Y me fue más o menos bien, y no tuve demasiado problema en ocultar esa otra yo. Y aunque ahora sí tengo la libertad de decir en mis escritos lo que quiero, hay una parte que se niega, porque en realidad desnudarte para los demás es un acto valiente y que requiere destreza pero que te expone al juicio de los ojos ajenos. Quizá tenía razón y a la gente no le importa una mierda como yo me sienta o cómo yo vea ciertos comportamientos… siempre analizando!

Tomé la vía fácil, mirar hacia otro lado, olvidar, o mejor dicho no recordar. Me colgué la sonrisa y el buenrollismo y el paso de todo lo anterior. Sabía que eso iba a durar sólo un tiempo. Sabía que pronto volvería a la realidad. Ansié tanto la paz mental que todo este tiempo que la he tenido la he disfrutado al máximo. Ahora el ruido no viene de fuera, cosa de agradecer. Ahora son mis ruidos internos, ha vuelto el nudo en la garganta, la presión en el estómago, el respirar con dificultad. No, no voy a dejarme llevar porque sé que me arrepentiré, no quiero volver al todo lo que diga será usado en mi contra. Sólo hoy, sólo un minuto, sólo un parón para decir que soy humana y que tengo mis días malos. Que también sé que pasará, pero que necesito ordenar todo este cúmulo de sentimientos.

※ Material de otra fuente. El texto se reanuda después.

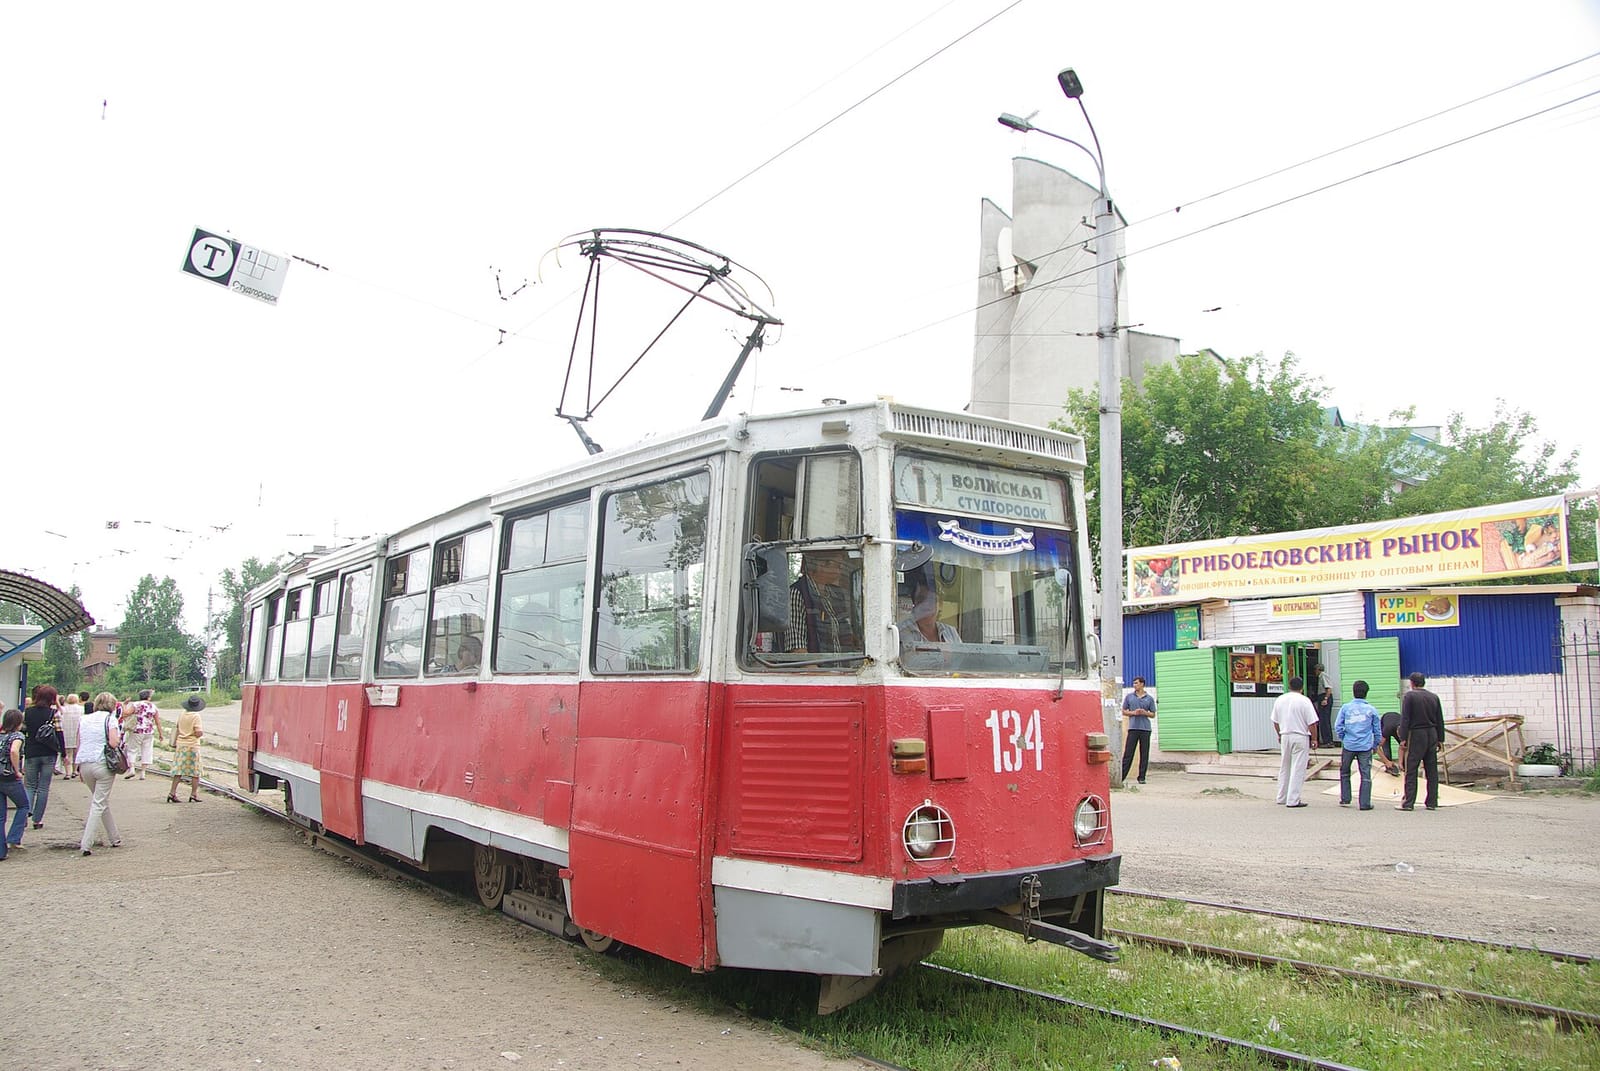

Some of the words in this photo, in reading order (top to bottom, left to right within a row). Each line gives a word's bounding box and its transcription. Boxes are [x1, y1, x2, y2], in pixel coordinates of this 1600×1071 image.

Sí, soy yo ahora la que se autocensura, soy yo la que borra frases pensando que algunos ojos lo van a leer, y seguramente no lo lean, y probablemente nadie entienda de qué coño hablo porque en realidad soy experta en rellenar huecos sin decir nada. Tengo dos opciones: volar, volar como un ave en libertad, mecida por el viento, que sólo mira hacia delante, que se deja llevar, sin más objetivo que disfrutar el viaje. Mi otro camino, más oscuro, bajar a los infiernos, vaciar todo ese cajón, sacar al monstruo y mirarle a la cara.

Casi siempre he resuelto sola todos mis problemas, consejos pido, ayuda puntual también, pero relatar los acontecimientos hace que la bola pase mejor. Es sólo que hacía mucho tiempo que no venía a mí esta sensación, de vacío, de dolor, de tristeza. Y me trae malos recuerdos, épocas pasadas que quise enterrar.

Y hace poco alguien me dijo que no hace falta decir todo lo que se siente. Si ese alguien supiera que ahora mismo siento la necesidad de decirle que le echo de menos. Que no sé por qué pero que es así. Que no debería y que no he elegido sentir eso, pero que es la verdad.

Son debates que tengo conmigo misma. Mañana será otro día.